The data:
-- Opening Marker --
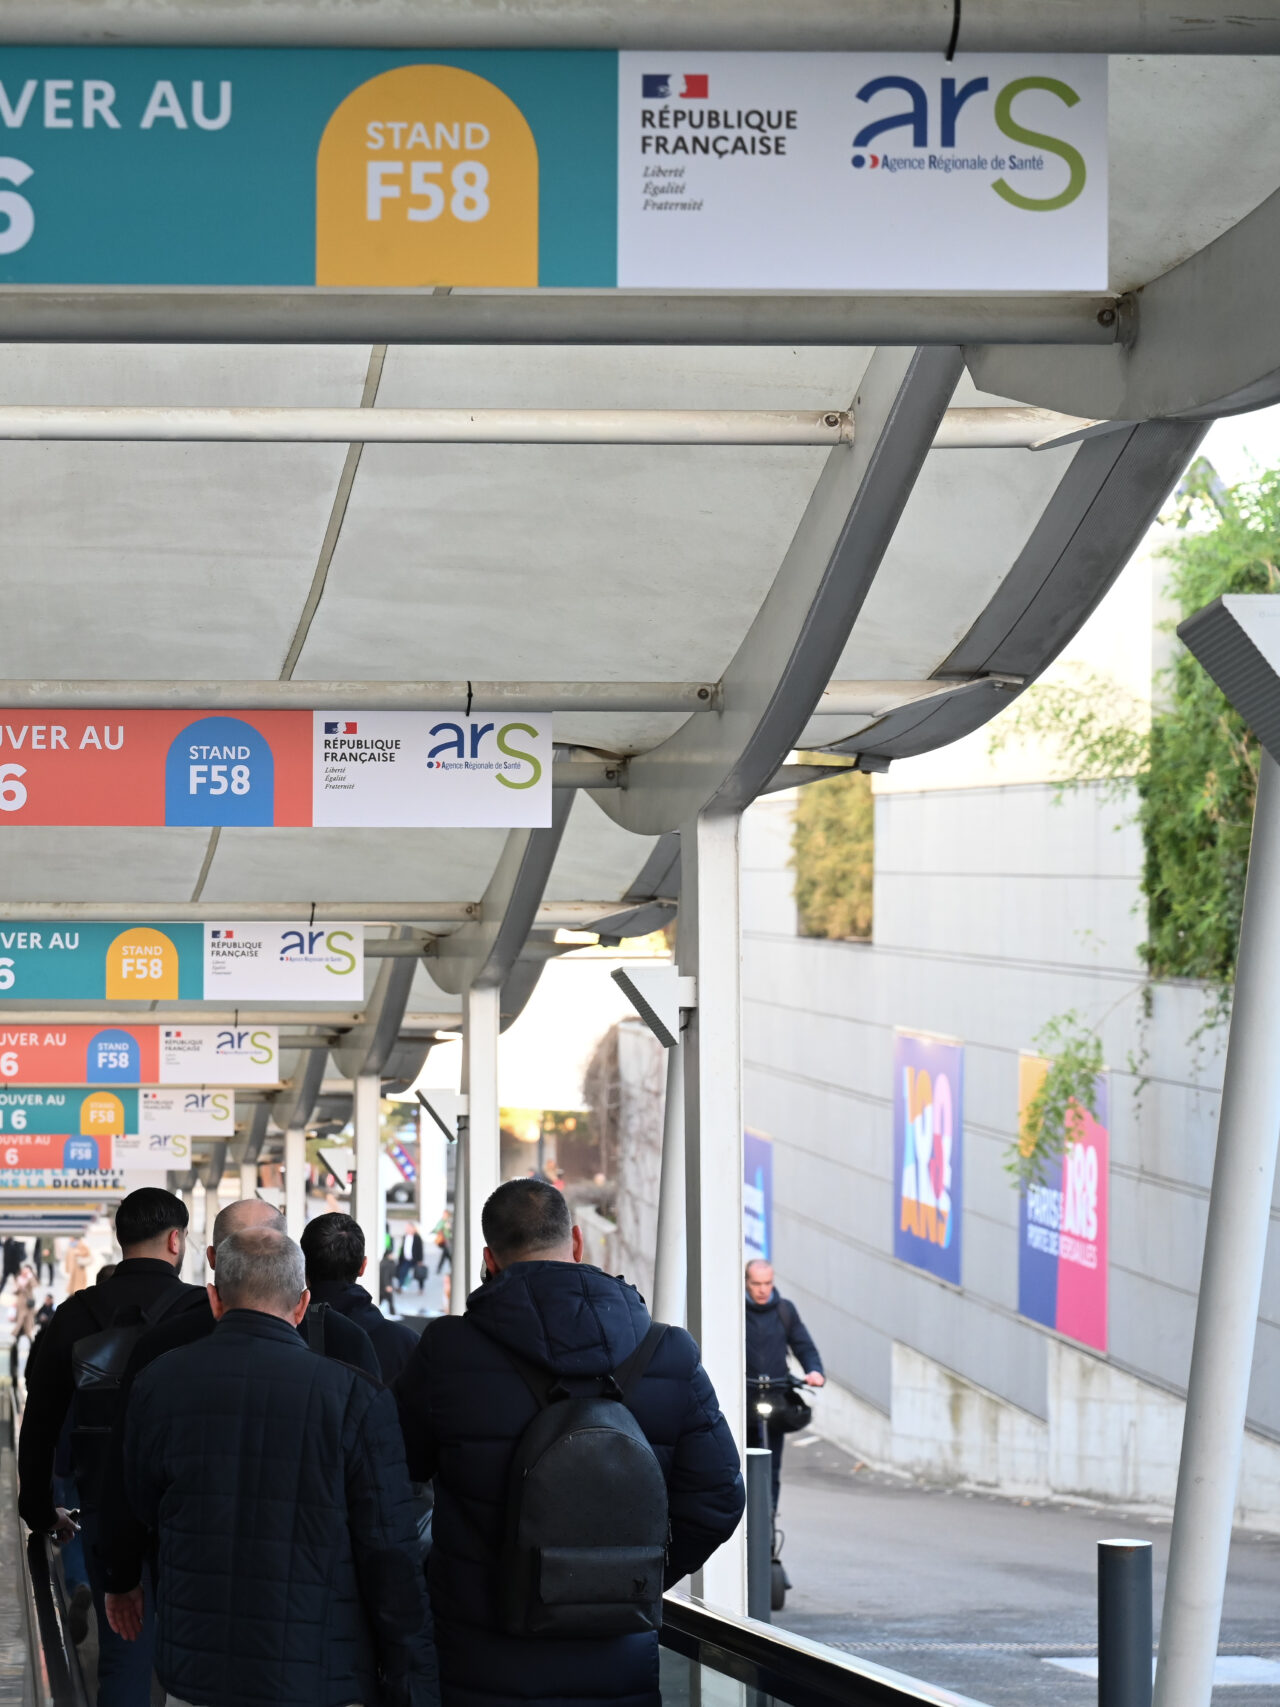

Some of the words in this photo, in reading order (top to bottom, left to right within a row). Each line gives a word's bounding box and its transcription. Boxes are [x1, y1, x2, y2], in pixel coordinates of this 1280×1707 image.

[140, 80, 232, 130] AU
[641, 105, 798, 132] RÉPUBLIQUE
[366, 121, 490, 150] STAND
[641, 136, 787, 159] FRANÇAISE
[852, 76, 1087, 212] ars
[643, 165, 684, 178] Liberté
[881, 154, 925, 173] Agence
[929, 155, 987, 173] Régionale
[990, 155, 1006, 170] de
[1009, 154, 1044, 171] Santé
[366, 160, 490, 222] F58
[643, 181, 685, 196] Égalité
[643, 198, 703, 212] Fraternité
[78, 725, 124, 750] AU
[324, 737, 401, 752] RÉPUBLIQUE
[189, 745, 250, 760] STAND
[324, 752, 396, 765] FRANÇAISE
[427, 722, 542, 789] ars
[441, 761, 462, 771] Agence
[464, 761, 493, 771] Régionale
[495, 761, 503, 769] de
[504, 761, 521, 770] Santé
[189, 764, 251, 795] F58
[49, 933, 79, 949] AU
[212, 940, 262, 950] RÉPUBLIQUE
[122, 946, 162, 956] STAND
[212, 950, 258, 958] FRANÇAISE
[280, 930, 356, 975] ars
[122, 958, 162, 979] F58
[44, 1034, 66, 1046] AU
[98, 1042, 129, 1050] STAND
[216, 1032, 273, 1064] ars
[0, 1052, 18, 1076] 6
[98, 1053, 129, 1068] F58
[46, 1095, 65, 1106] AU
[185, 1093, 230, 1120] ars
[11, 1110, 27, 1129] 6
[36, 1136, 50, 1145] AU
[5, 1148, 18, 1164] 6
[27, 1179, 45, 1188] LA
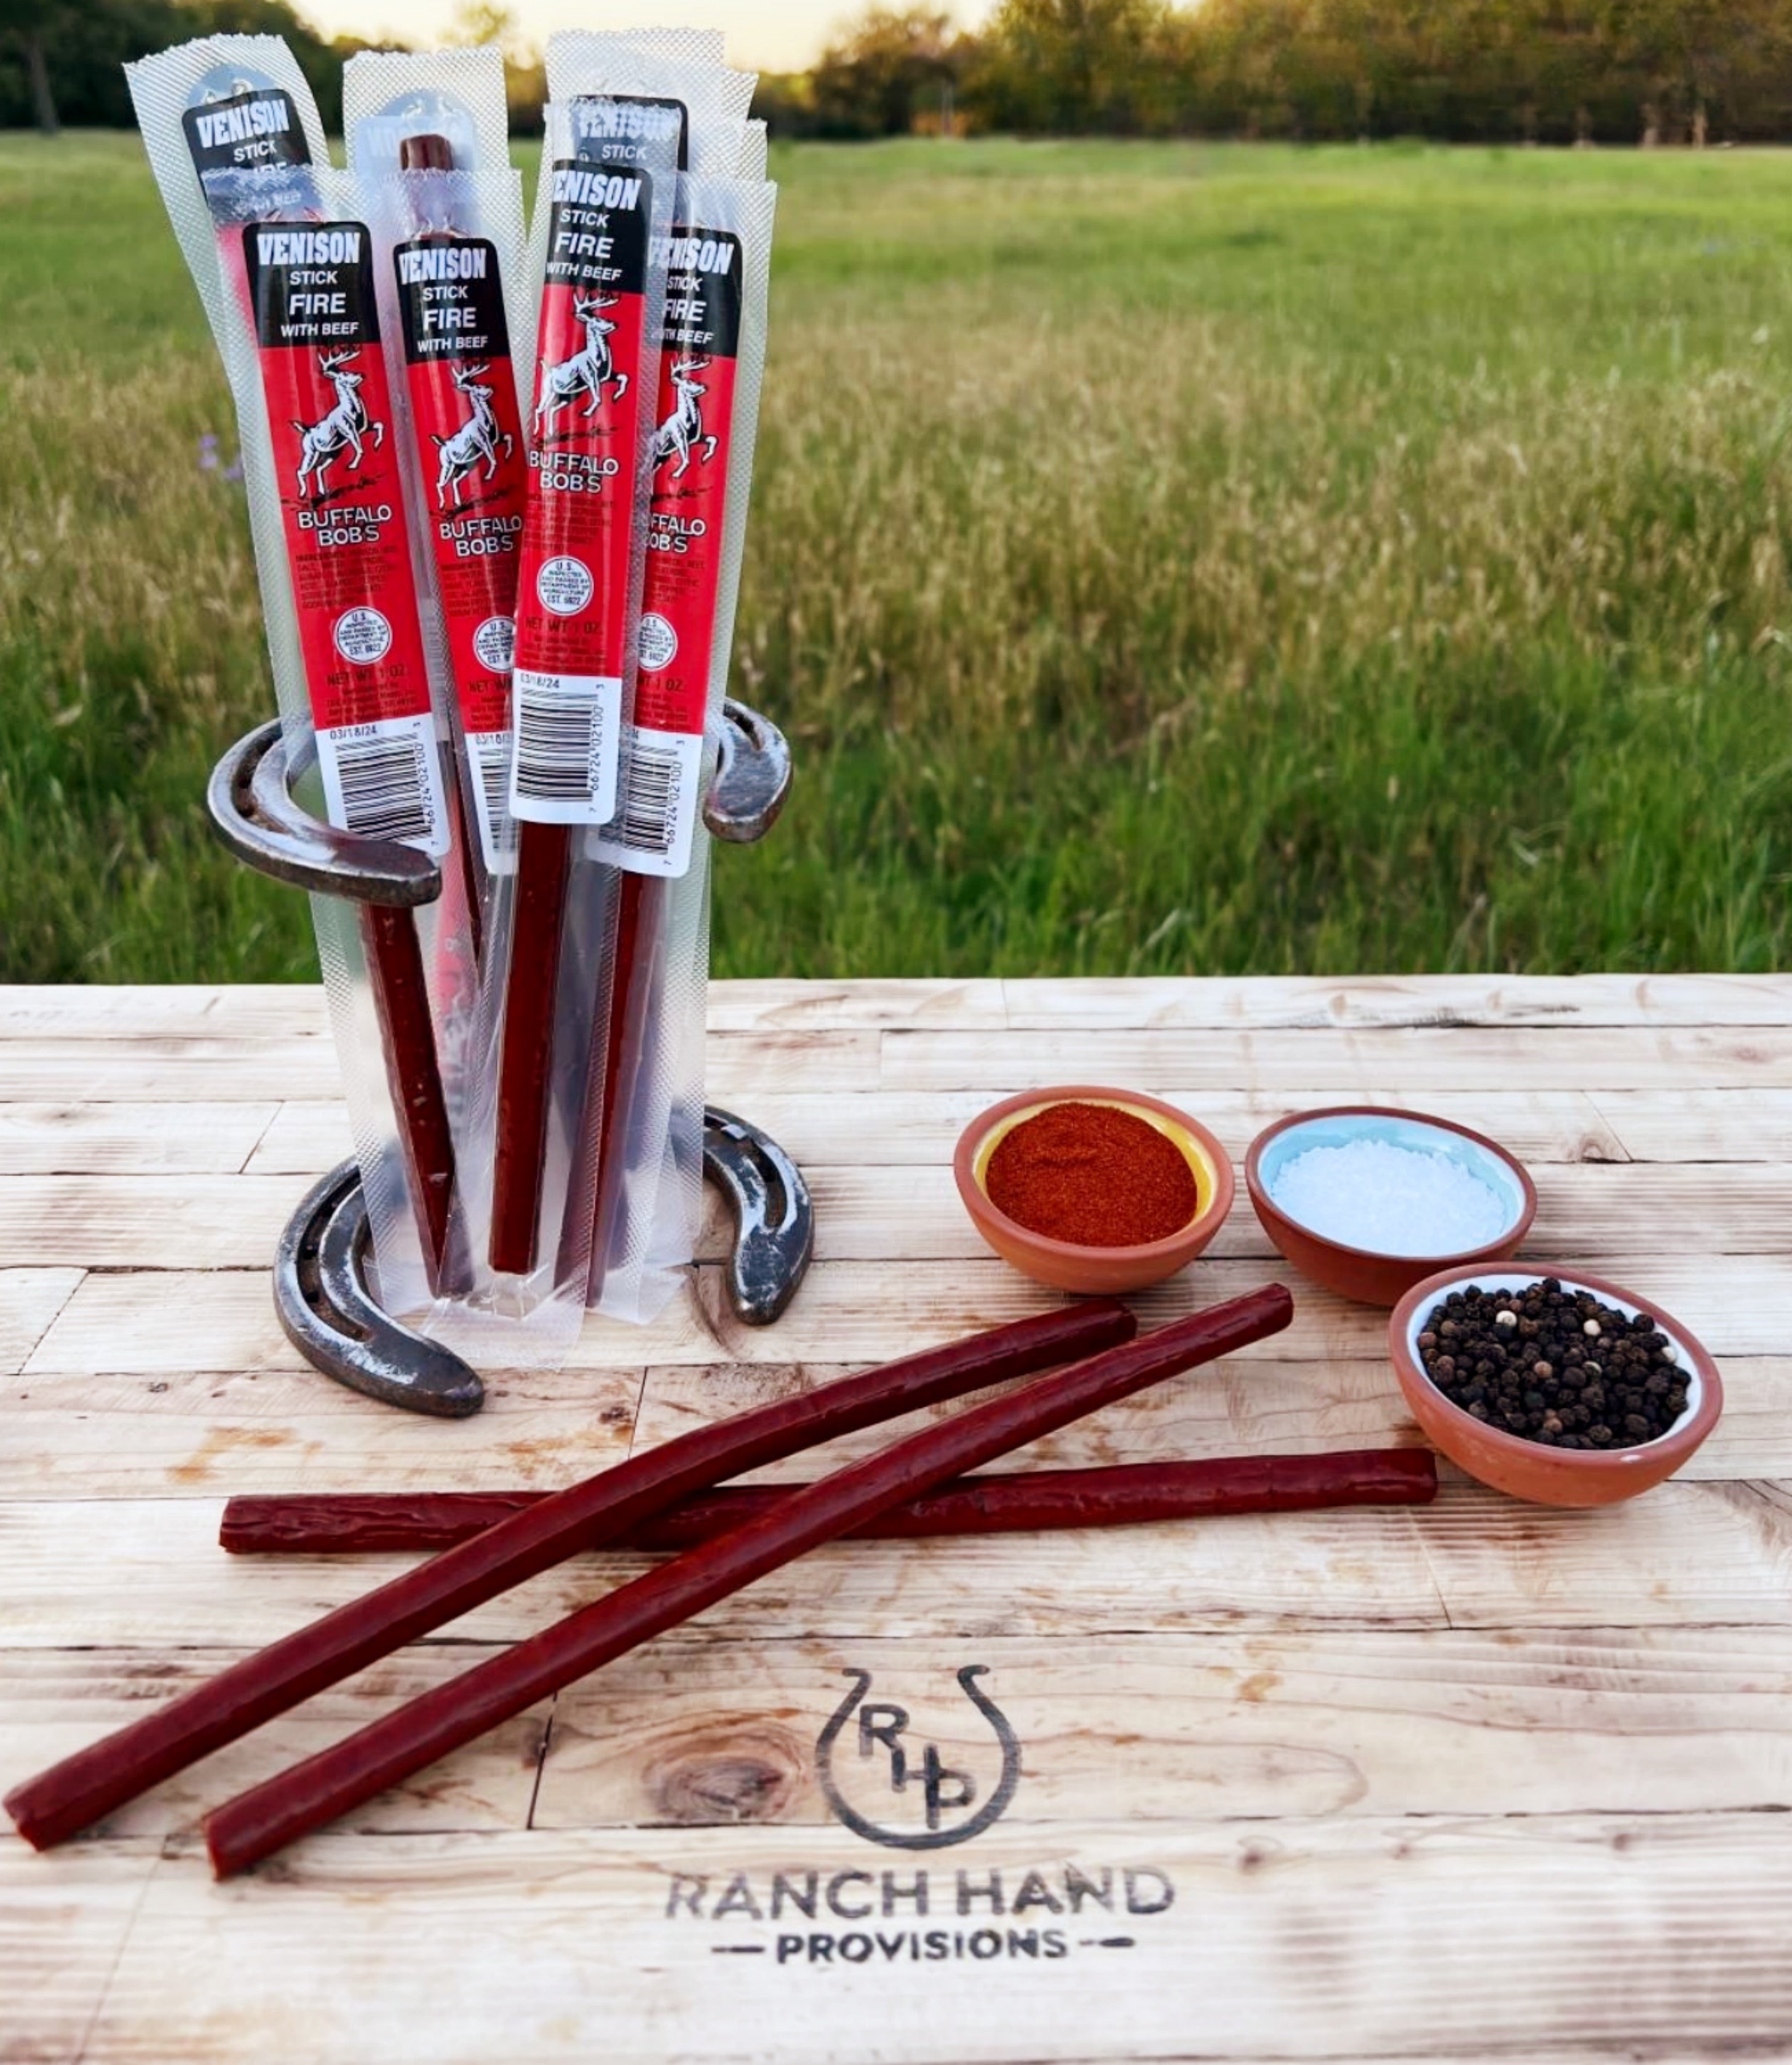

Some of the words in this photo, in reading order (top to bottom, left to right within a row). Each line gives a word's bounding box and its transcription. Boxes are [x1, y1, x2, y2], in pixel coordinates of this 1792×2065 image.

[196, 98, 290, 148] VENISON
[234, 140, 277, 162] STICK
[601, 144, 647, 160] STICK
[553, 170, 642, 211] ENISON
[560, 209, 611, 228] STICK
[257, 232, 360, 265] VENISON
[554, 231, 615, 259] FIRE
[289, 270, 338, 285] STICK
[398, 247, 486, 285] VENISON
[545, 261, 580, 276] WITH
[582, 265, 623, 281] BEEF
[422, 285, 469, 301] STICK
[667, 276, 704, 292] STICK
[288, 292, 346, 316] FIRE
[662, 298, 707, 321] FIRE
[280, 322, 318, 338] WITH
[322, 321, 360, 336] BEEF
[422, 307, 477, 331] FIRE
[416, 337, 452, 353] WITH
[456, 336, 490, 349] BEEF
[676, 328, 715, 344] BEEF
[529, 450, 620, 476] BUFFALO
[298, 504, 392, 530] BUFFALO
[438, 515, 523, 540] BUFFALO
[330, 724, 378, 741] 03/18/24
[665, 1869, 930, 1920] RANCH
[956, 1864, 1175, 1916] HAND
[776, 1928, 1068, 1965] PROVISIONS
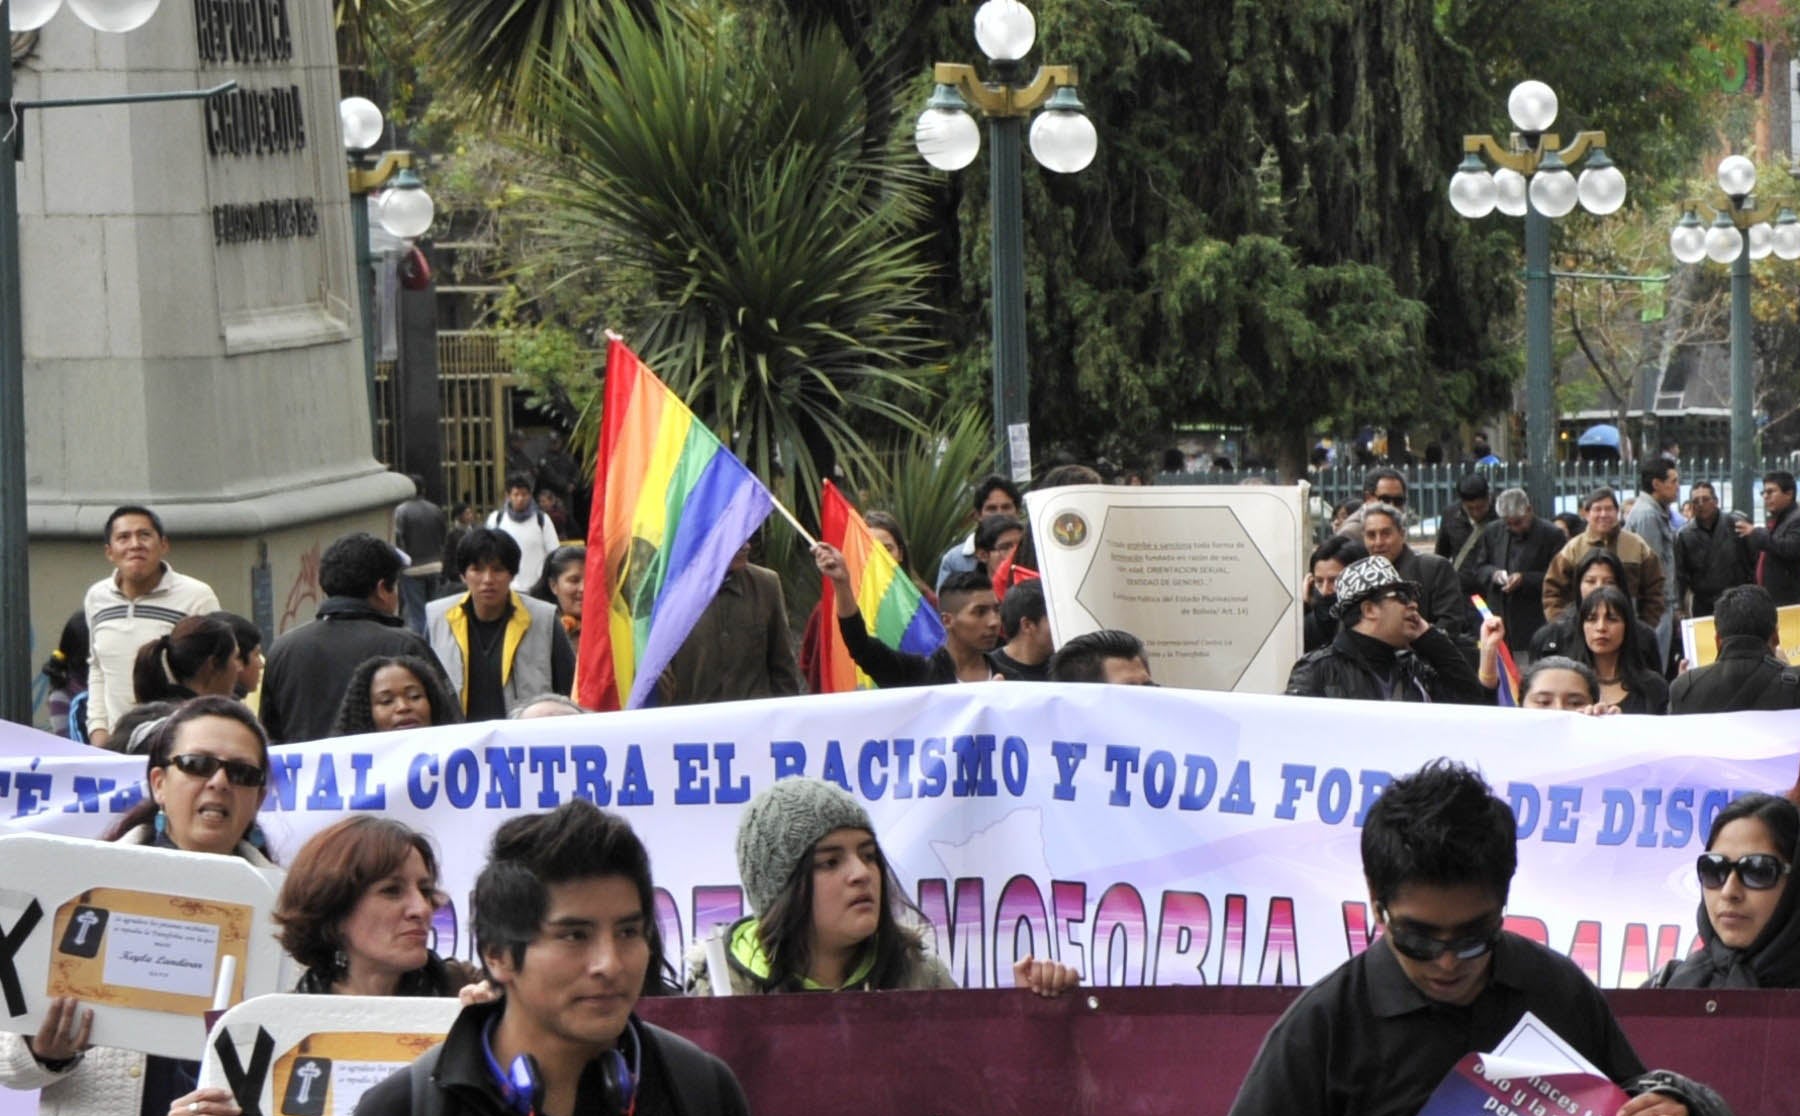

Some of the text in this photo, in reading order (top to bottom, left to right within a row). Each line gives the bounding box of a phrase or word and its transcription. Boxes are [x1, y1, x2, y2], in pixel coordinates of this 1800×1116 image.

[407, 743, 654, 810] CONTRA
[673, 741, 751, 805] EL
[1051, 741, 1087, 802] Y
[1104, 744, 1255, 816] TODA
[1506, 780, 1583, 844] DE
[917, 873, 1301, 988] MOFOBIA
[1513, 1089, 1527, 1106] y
-- Closing Marker --
Problem description: Everything above except the pictures needs to be reproduced exactly.

Result for this exercise:
Some of the words in this photo, in reading order (top to bottom, left to right within a row). Each line gives a word's bounding box and its transcription. Boxes are [x1, y1, x2, y2], in pixel coordinates of this 1280×1707 image.

[140, 80, 232, 130] AU
[641, 105, 798, 132] RÉPUBLIQUE
[366, 121, 490, 150] STAND
[641, 136, 787, 159] FRANÇAISE
[852, 76, 1087, 212] ars
[643, 165, 684, 178] Liberté
[881, 154, 925, 173] Agence
[929, 155, 987, 173] Régionale
[990, 155, 1006, 170] de
[1009, 154, 1044, 171] Santé
[366, 160, 490, 222] F58
[643, 181, 685, 196] Égalité
[643, 198, 703, 212] Fraternité
[78, 725, 124, 750] AU
[324, 737, 401, 752] RÉPUBLIQUE
[189, 745, 250, 760] STAND
[324, 752, 396, 765] FRANÇAISE
[427, 722, 542, 789] ars
[441, 761, 462, 771] Agence
[464, 761, 493, 771] Régionale
[495, 761, 503, 769] de
[504, 761, 521, 770] Santé
[189, 764, 251, 795] F58
[49, 933, 79, 949] AU
[212, 940, 262, 950] RÉPUBLIQUE
[122, 946, 162, 956] STAND
[212, 950, 258, 958] FRANÇAISE
[280, 930, 356, 975] ars
[122, 958, 162, 979] F58
[44, 1034, 66, 1046] AU
[98, 1042, 129, 1050] STAND
[216, 1032, 273, 1064] ars
[0, 1052, 18, 1076] 6
[98, 1053, 129, 1068] F58
[46, 1095, 65, 1106] AU
[185, 1093, 230, 1120] ars
[11, 1110, 27, 1129] 6
[36, 1136, 50, 1145] AU
[5, 1148, 18, 1164] 6
[27, 1179, 45, 1188] LA

Some of the words in this photo, in reading order (top to bottom, left to right within a row). Each line gives a word's bounding box and its transcription. Boxes are [x1, y1, x2, y2], in pixel coordinates of this 1792×2065 image.

[196, 98, 290, 148] VENISON
[234, 140, 277, 162] STICK
[601, 144, 647, 160] STICK
[553, 170, 642, 211] ENISON
[560, 209, 611, 228] STICK
[257, 232, 360, 265] VENISON
[554, 231, 615, 259] FIRE
[289, 270, 338, 285] STICK
[398, 247, 486, 285] VENISON
[545, 261, 580, 276] WITH
[582, 265, 623, 281] BEEF
[422, 285, 469, 301] STICK
[667, 276, 704, 292] STICK
[288, 292, 346, 316] FIRE
[662, 298, 707, 321] FIRE
[280, 322, 318, 338] WITH
[322, 321, 360, 336] BEEF
[422, 307, 477, 331] FIRE
[416, 337, 452, 353] WITH
[456, 336, 490, 349] BEEF
[676, 328, 715, 344] BEEF
[529, 450, 620, 476] BUFFALO
[298, 504, 392, 530] BUFFALO
[438, 515, 523, 540] BUFFALO
[330, 724, 378, 741] 03/18/24
[665, 1869, 930, 1920] RANCH
[956, 1864, 1175, 1916] HAND
[776, 1928, 1068, 1965] PROVISIONS

Some of the text in this photo, in reading order (top to bottom, left to right within a row). Each line gives the bounding box of a phrase or word and its transcription. Boxes are [x1, y1, x2, y2], in pixel coordinates of this 1800×1116 image.

[407, 743, 654, 810] CONTRA
[673, 741, 751, 805] EL
[1051, 741, 1087, 802] Y
[1104, 744, 1255, 816] TODA
[1506, 780, 1583, 844] DE
[917, 873, 1301, 988] MOFOBIA
[1513, 1089, 1527, 1106] y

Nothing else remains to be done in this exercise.